The S&P 500 Information Technology Index recently surpassed its previous peak of 988.49 set in March 2000. It took a whopping 17 years to recoup the massive losses from the implosion of the dot-com bubble.

Not even the Federal Reserve chairman at the time, Alan Greenspan, could rein in the enthusiasm of the tech disciples with his oft-quoted 1998 “Irrational Exuberance” speech about market valuation. Valuations stretched to epic proportions as companies with little revenue and no chance to make a profit rushed to join the IPO party.

Even profitable, higher-quality names fell victim to the Ponzi scheme as growth expectations became unreasonable. In December 1999, well-known PaineWebber (now UBS) analyst Walter Piecyk assigned a $1,000 price target to Qualcomm based on the growth of wireless technology—after the company had already risen from $25 per share to more than $500 in the previous year.

It Was A Sure Sign Of The Times.

Just three months later, the NASDAQ peaked at 5,132 and begun its long downward slog to 1,114 in 2002, changing the investment landscape and the dreams of many soon-to-be retirees in the process. It took many years for the index to reach this level again.

Odds are you were not entirely invested or perhaps even in the market when this occurred. However, working in retail brokerage at the time, I saw many millions in paper profits vanish and investors’ visions of retirement wiped out in months.

Only six years later, in 2008, it would happen again, albeit due to different culprit: the subprime housing market collapsed, and financial markets ground to halt.

One would hope that two vicious declines in less than a 10-year period taught mainstream investors the value of diversification and asset allocation—but all the signs point to the contrary.

IPOs Are Being Delayed

The first warning sign is the current number of IPOs. After rising to 275 new listings in 2014, IPO activity dropped off to just 105 last year, a sign that companies are finding it harder to attract capital at desired valuations.

2017’s eagerly anticipated IPO stocks, Snapchat (SNAP) and Blue Apron (APRN), have each lost approximately 50% of their respective market values.

Blue Apron, which tried to raise $30 million, was forced to cut its IPO price to $10 in the final stages to shore up demand. (It had initially wanted to raise $480 million and offer shares in the $15 to $17 range.) Both companies are burning through cash at staggering rates.

Additionally, many companies have delayed IPOs this year due to “unfavorable market conditions,” a.k.a. weak investor demand.
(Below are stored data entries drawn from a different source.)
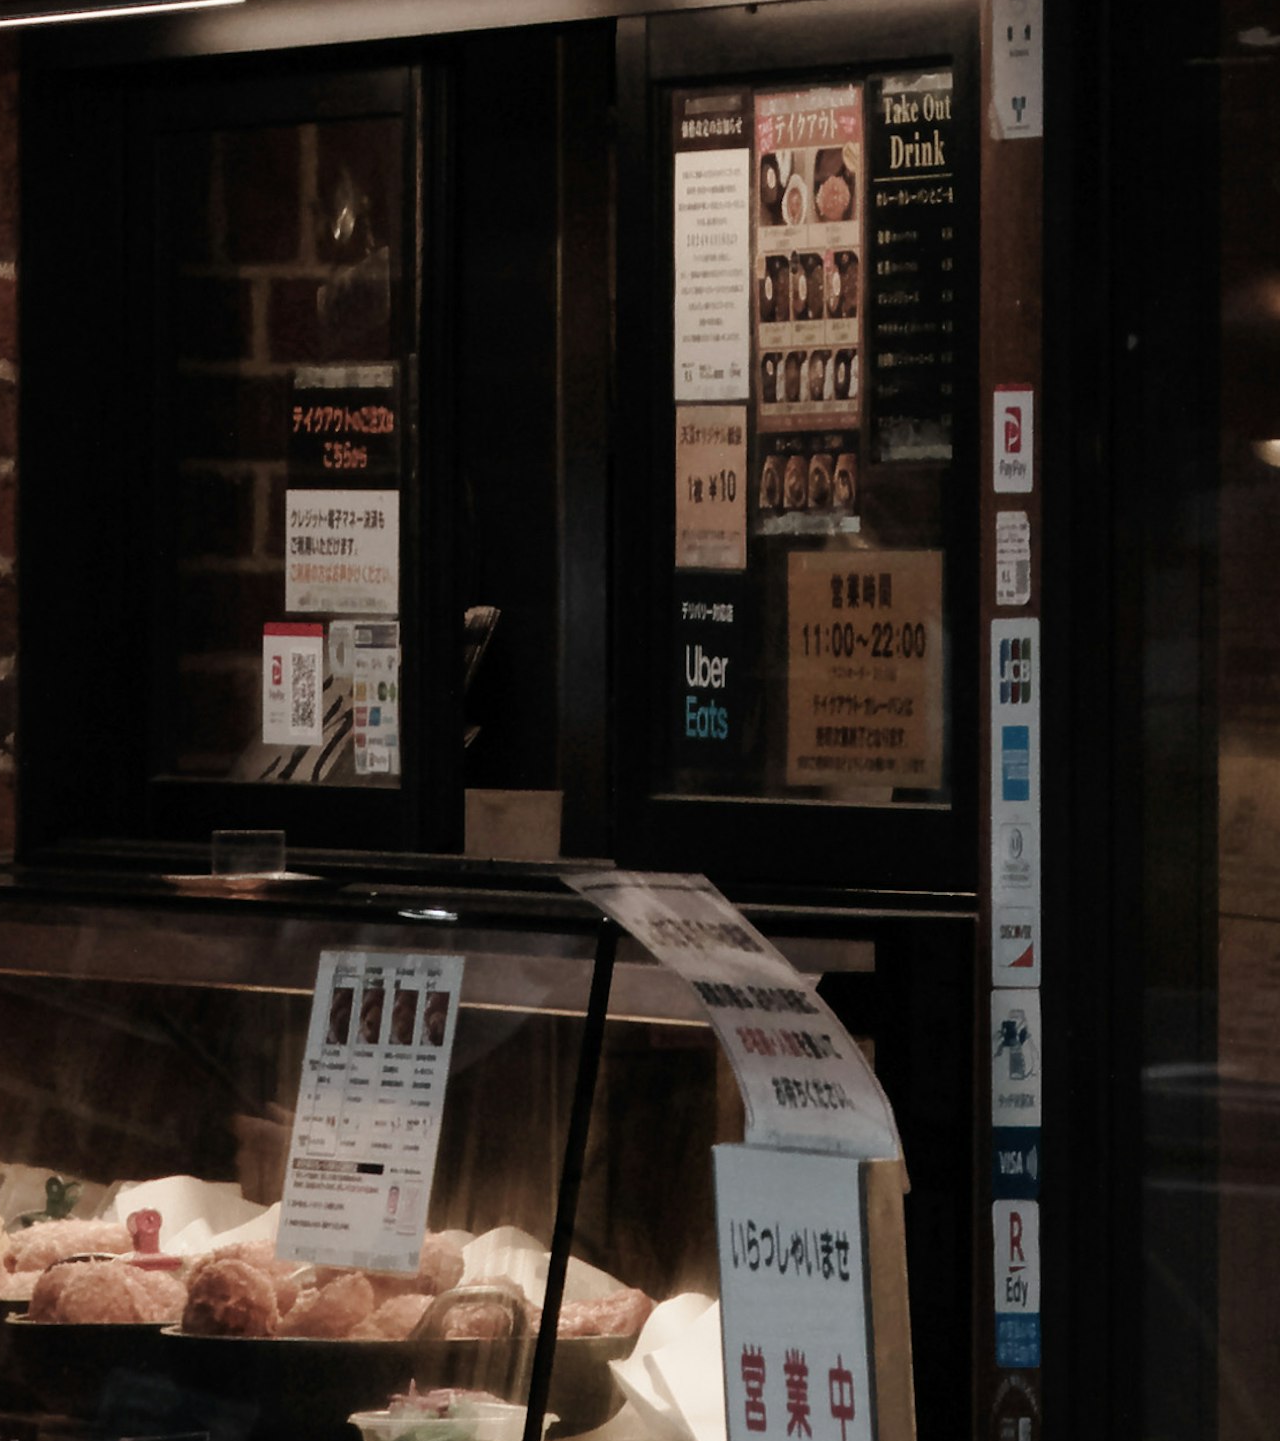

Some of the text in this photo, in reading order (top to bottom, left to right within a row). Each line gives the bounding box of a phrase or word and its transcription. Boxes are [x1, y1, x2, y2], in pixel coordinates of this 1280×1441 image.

[882, 93, 921, 125] Take
[923, 88, 952, 123] Out
[774, 108, 838, 144] テイクアウト
[889, 128, 946, 170] Drink
[322, 440, 368, 469] こちらから
[999, 457, 1028, 478] PayPay
[830, 573, 893, 610] 営業時間
[685, 643, 730, 688] Uber
[1000, 659, 1031, 683] JCB
[685, 694, 730, 741] Eats
[998, 1150, 1023, 1176] VISA
[731, 1217, 851, 1283] いらっしゃいませ
[1005, 1276, 1029, 1304] Edy
The demand for new listings is generally a good indicator of market cycles and investor sentiment toward risk.

The Big Five Are Propping Up The Whole Market

Another notable development is the concentration of companies making up the NASDAQ.

The combined market caps of Apple (AAPL), Alphabet/Google (GOOGL), Microsoft (MSFT), Facebook (FB), and Amazon (AMZN) now exceed $3 trillion—that means these five companies comprise almost a quarter of the entire $12.5 trillion index containing more than 3,100 companies.



Source: Bloomberg

If these five companies were a separate index, it would be larger than the total value of stocks in any single equity market worldwide, except the five largest: the US, China, Japan, Hong Kong, and the UK.
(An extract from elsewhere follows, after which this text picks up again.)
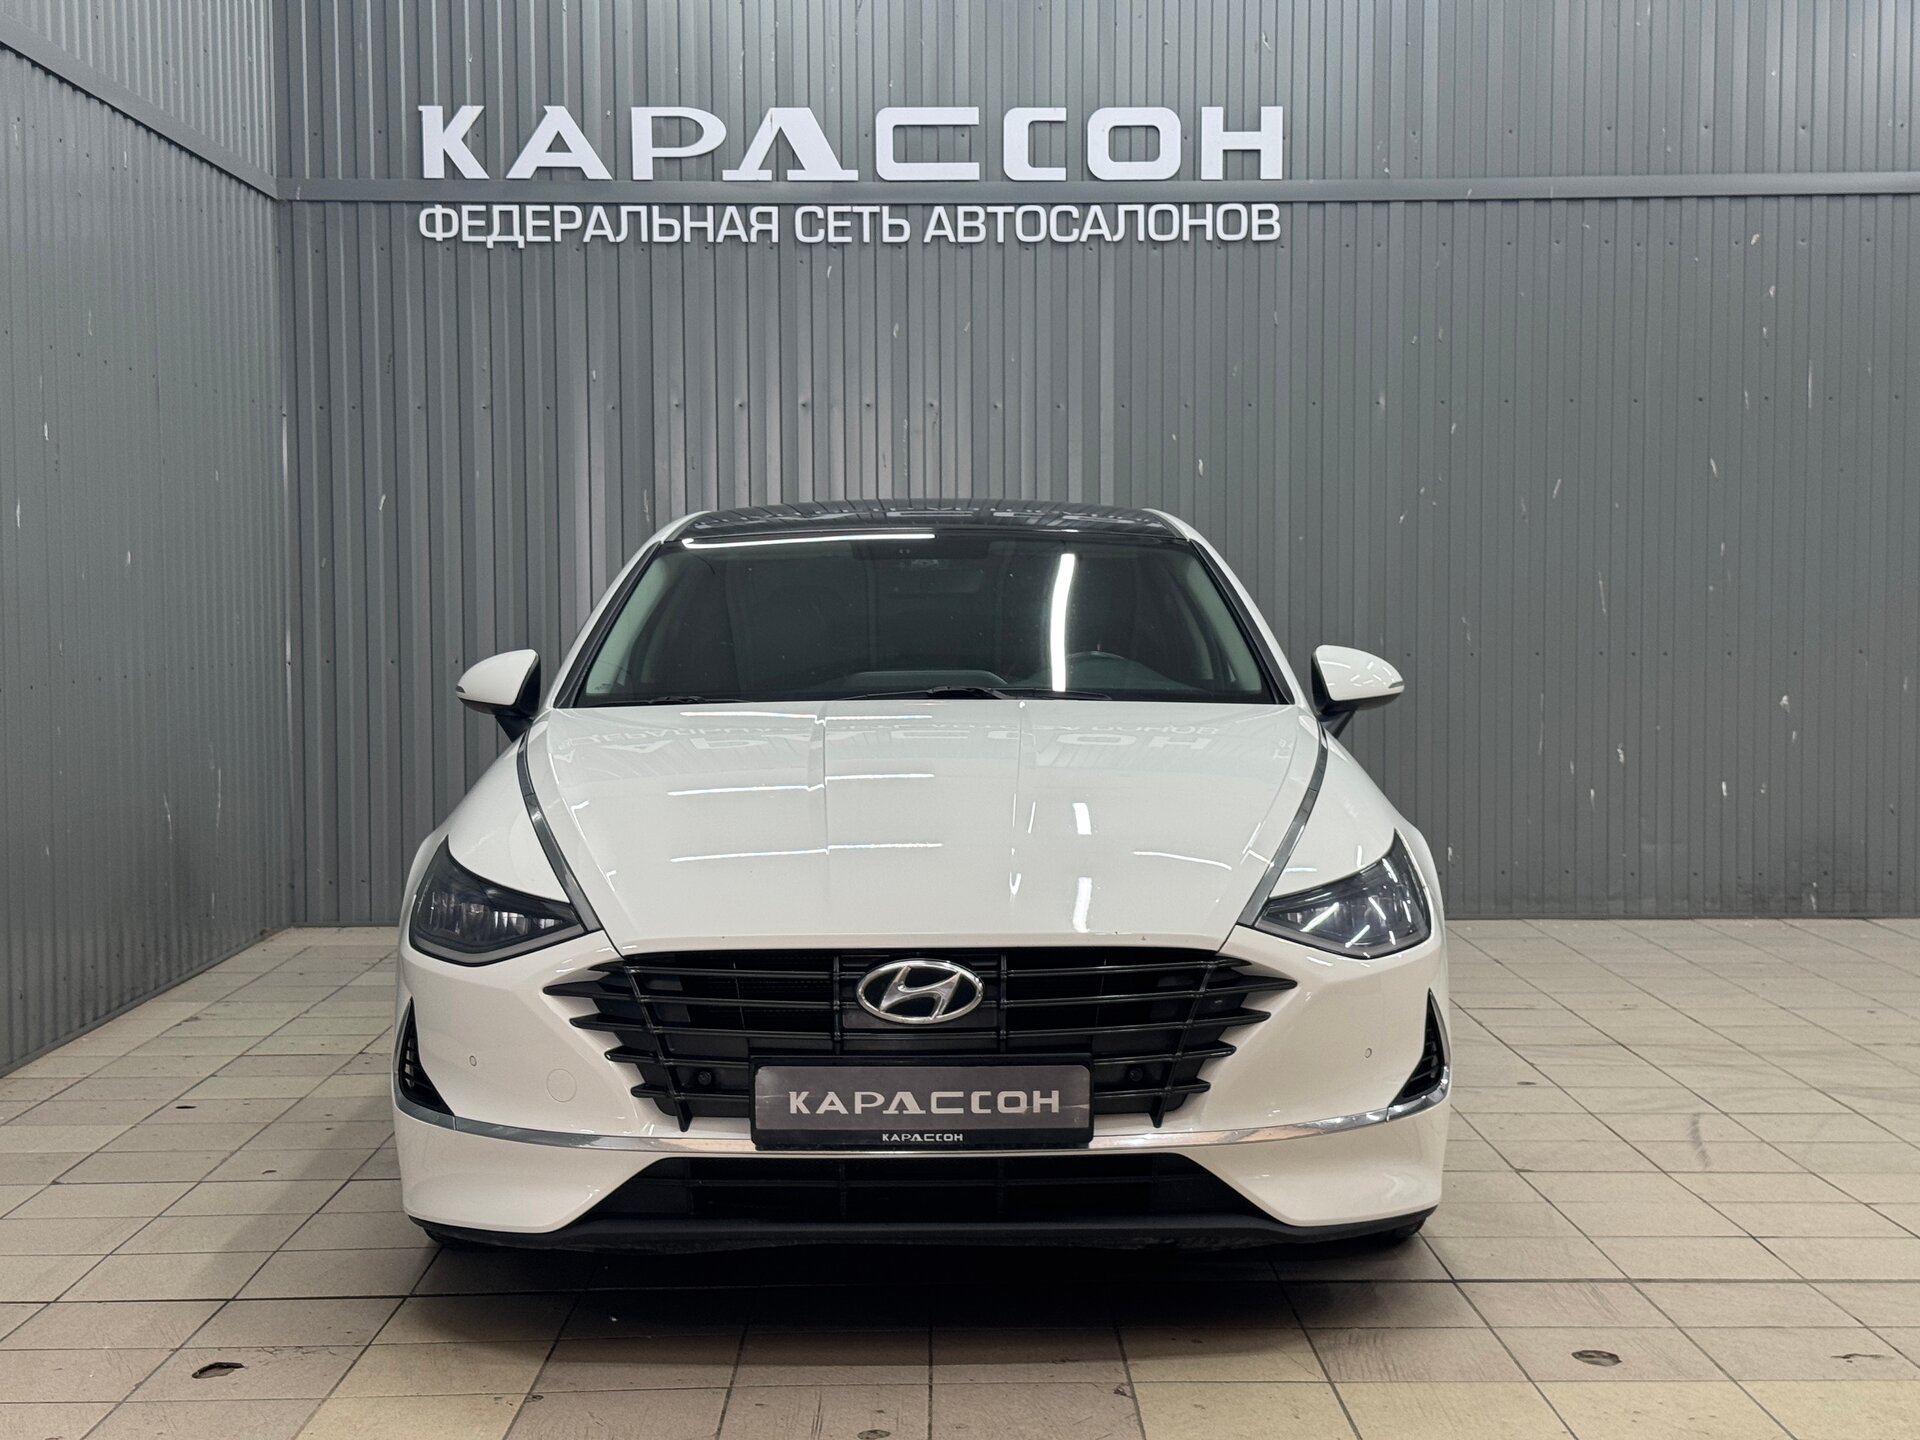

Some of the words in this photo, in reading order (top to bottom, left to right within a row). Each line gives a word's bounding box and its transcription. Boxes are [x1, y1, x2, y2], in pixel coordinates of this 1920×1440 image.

The market value of the “Big Five” has shot up 30% so far in 2017, with Apple rising almost 40% and Amazon 25% to more than $1,000 per share.

Due to its impressive ascent this year, Apple is well on its way to becoming the first company to be valued at $1 trillion—a truly impressive and well-deserved feat, given the domination of the iPhone over the past decade.

However, 75% of sell-side analysts still rate the company a “buy” in anticipation of strong iPhone demand when the 8th version is released later this year.

Reminiscent of the $1,000 Qualcomm price target in 1999, TheStreet.com just predicted Apple’s valuation to reach $2 trillion within 10 years. It based their forecast on the company’s huge cash position and ability to make acquisitions—never mind that it’s still $170 billion away from even the $1 trillion mark.

The ETF And Index Fund Craze

A key driver of market concentration and a potential source of risk is the proliferation of low-cost ETFs and index funds, or so-called passive investments.